Please note: Whether or not a student intended to commit academic misconduct is not relevant for a finding of guilt. Hurried or careless submission of assignments does not excuse students from responsibility for verifying the academic integrity of their work before submitting it. Students who are in any doubt as to whether an action on their part could be construed as an academic offence should consult with a faculty member or faculty advisor.

The Academic Misconduct Policy is detailed in the Undergraduate Calendar.

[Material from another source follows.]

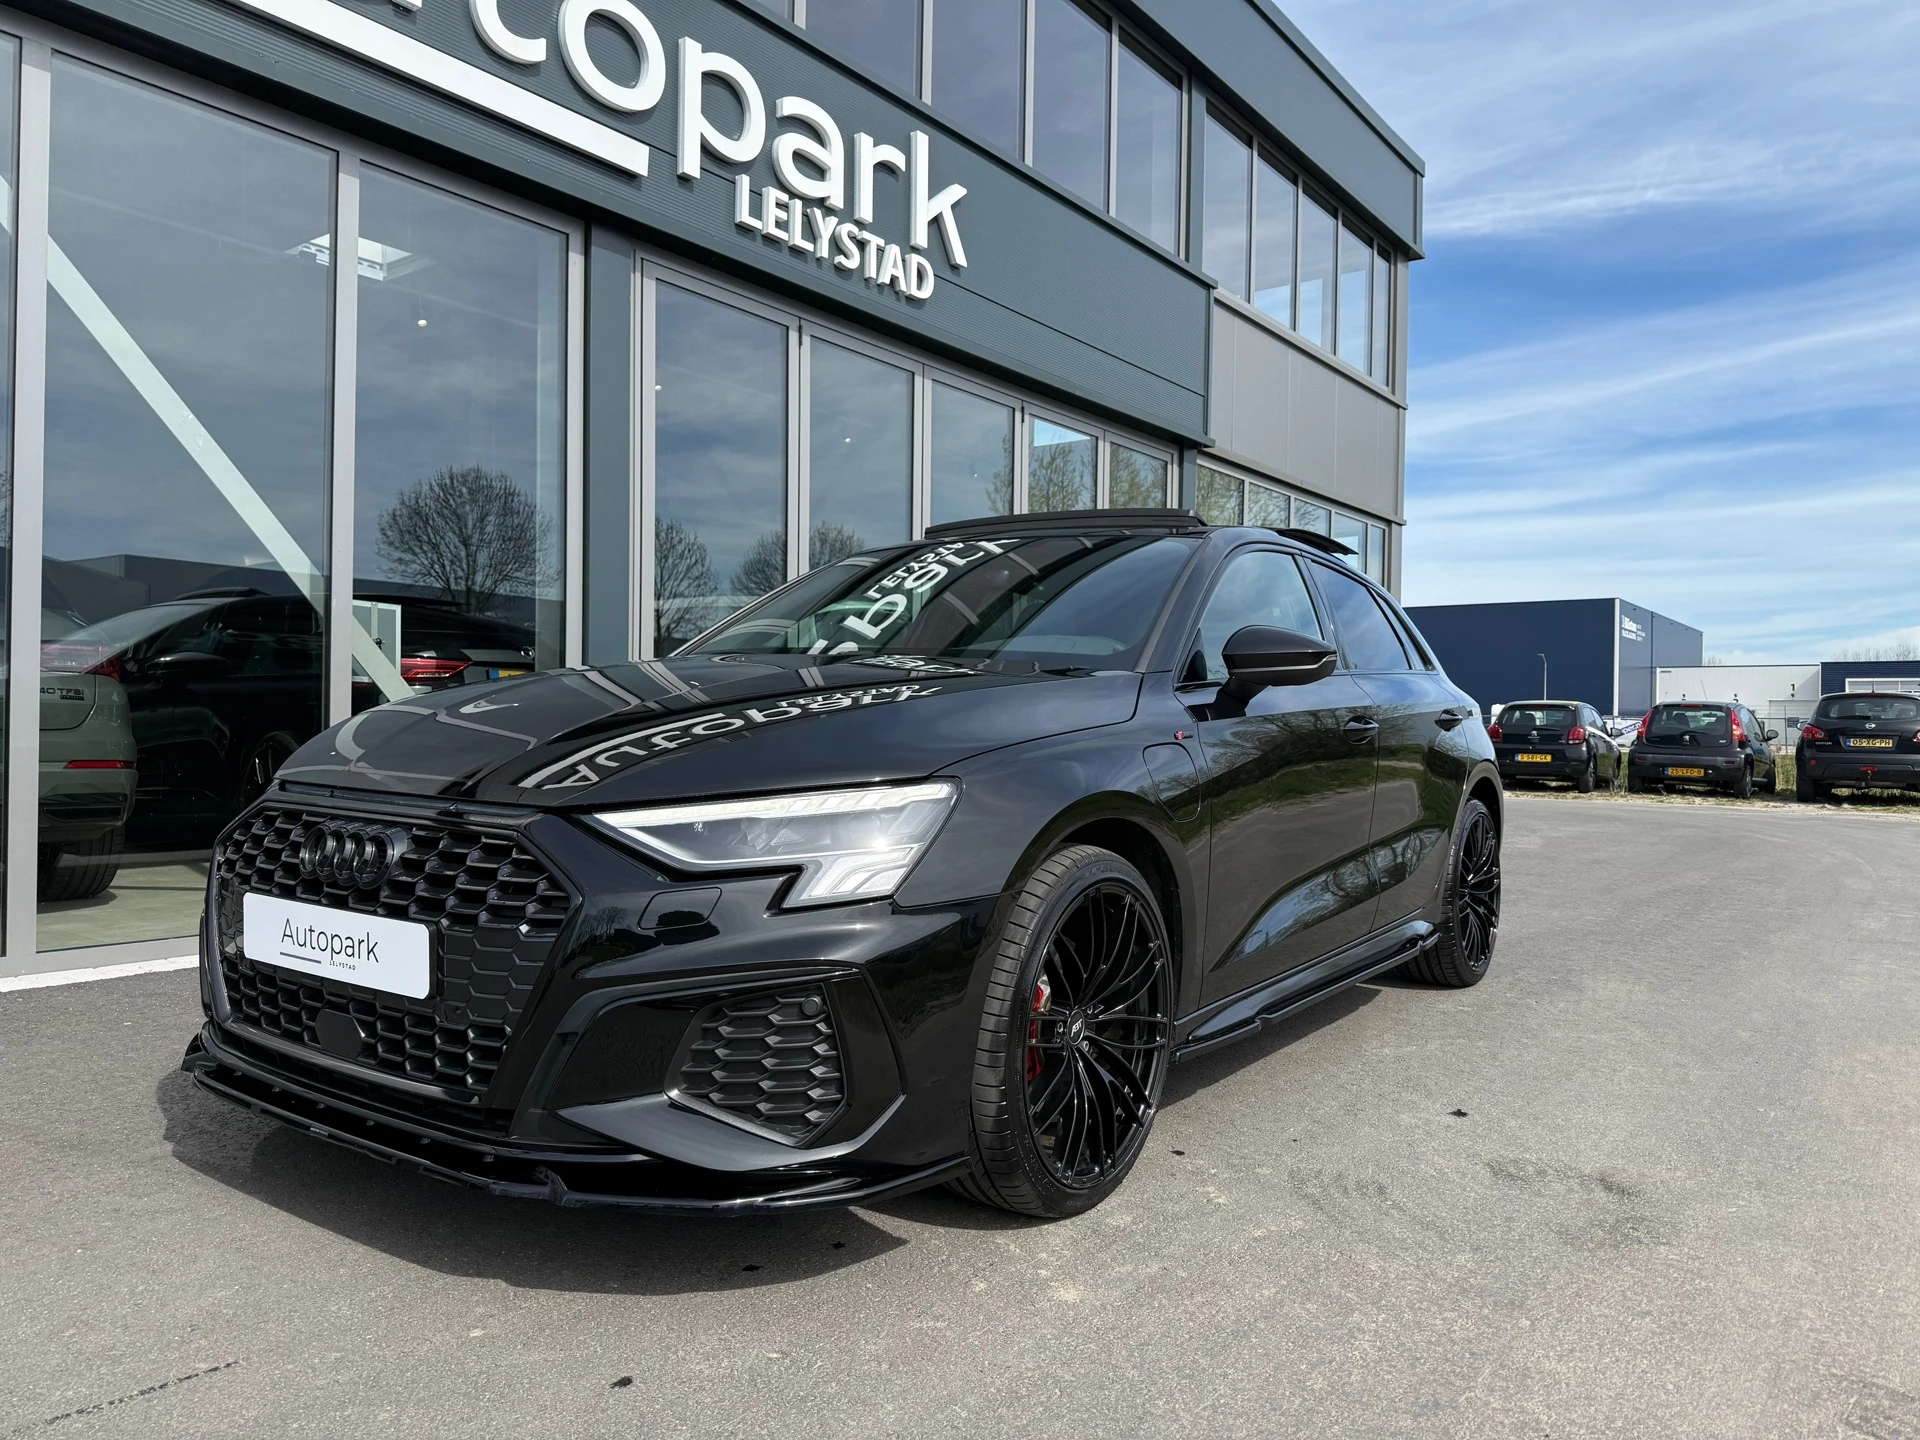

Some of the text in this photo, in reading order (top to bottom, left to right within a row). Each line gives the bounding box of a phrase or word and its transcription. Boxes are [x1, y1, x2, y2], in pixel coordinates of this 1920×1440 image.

[735, 173, 935, 300] LELYSTAD
[281, 917, 380, 964] Autopark
[329, 959, 356, 971] LELYSTAD
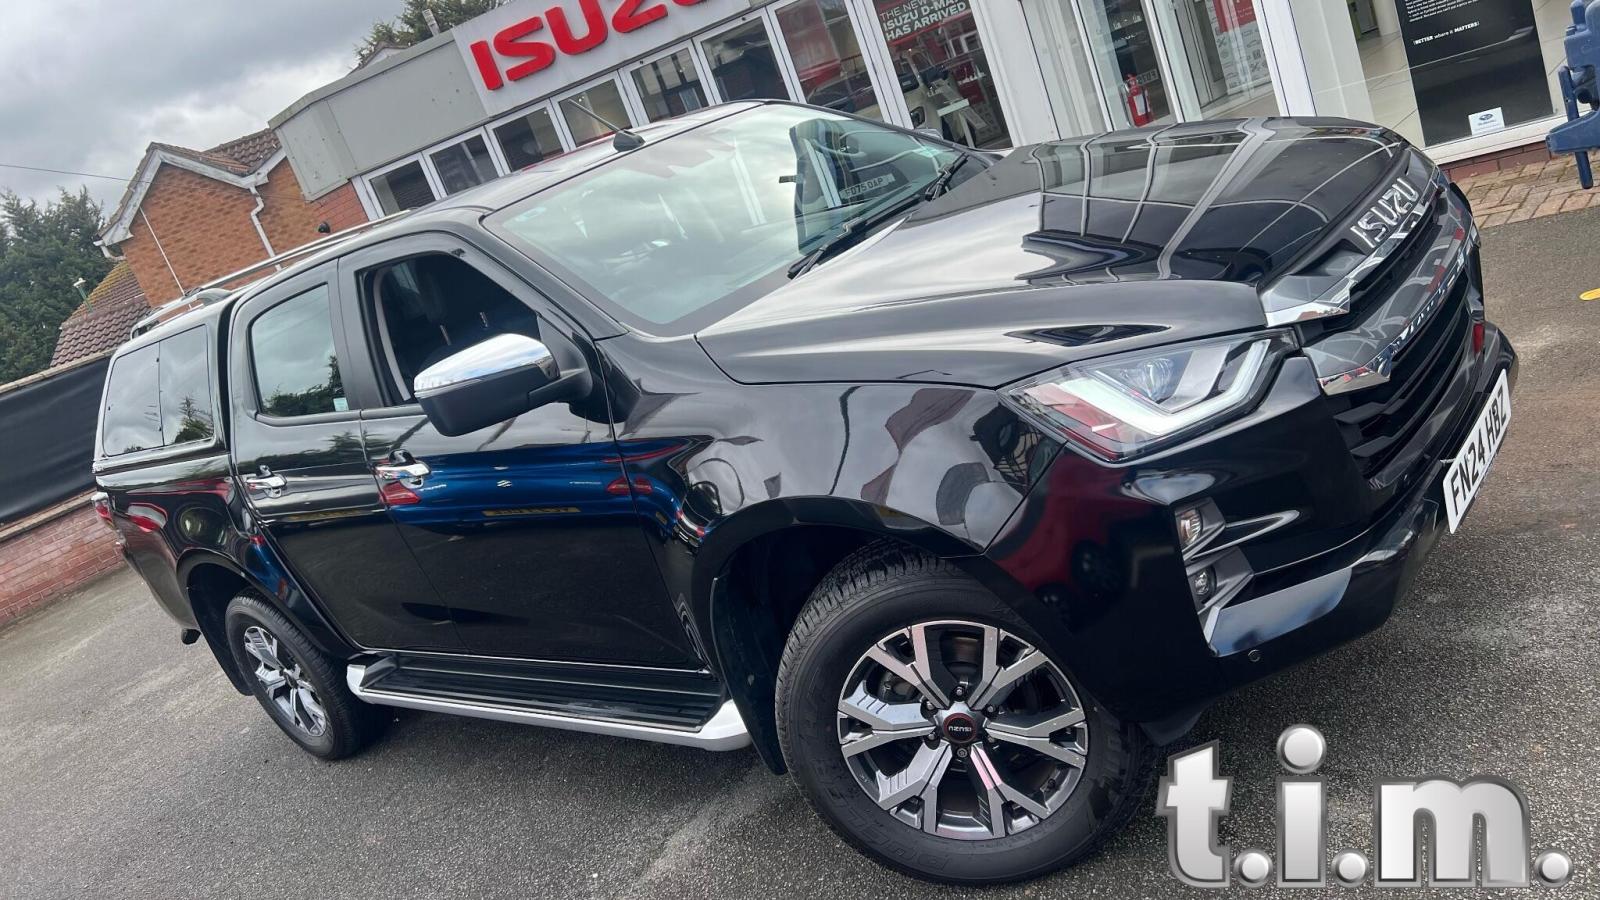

The University promotes the full participation of students who experience disabilities in their academic programs. To that end, the provision of academic accommodation is a shared responsibility between the University and the student.

When accommodations are needed, the student is required to first register with Student Accessibility Services (SAS). Documentation to substantiate the existence of a disability is required, however, interim accommodations may be possible while that process is underway. Accommodations are available for both permanent and temporary disabilities. It should be noted that common illnesses such as a cold or the flu do not constitute a disability.

Use of the SAS Exam Centre requires students to book their exams at least 7 days in advance, and not later than the 40th Class Day.

Course Evaluation Information

Information about the date and time of the course evaluation will be made available during the semester.

Drop date

The last date to drop one-semester courses, without academic penalty, is March 9, 2018. For regulations and procedures for Dropping Courses, see the Undergraduate Calendar.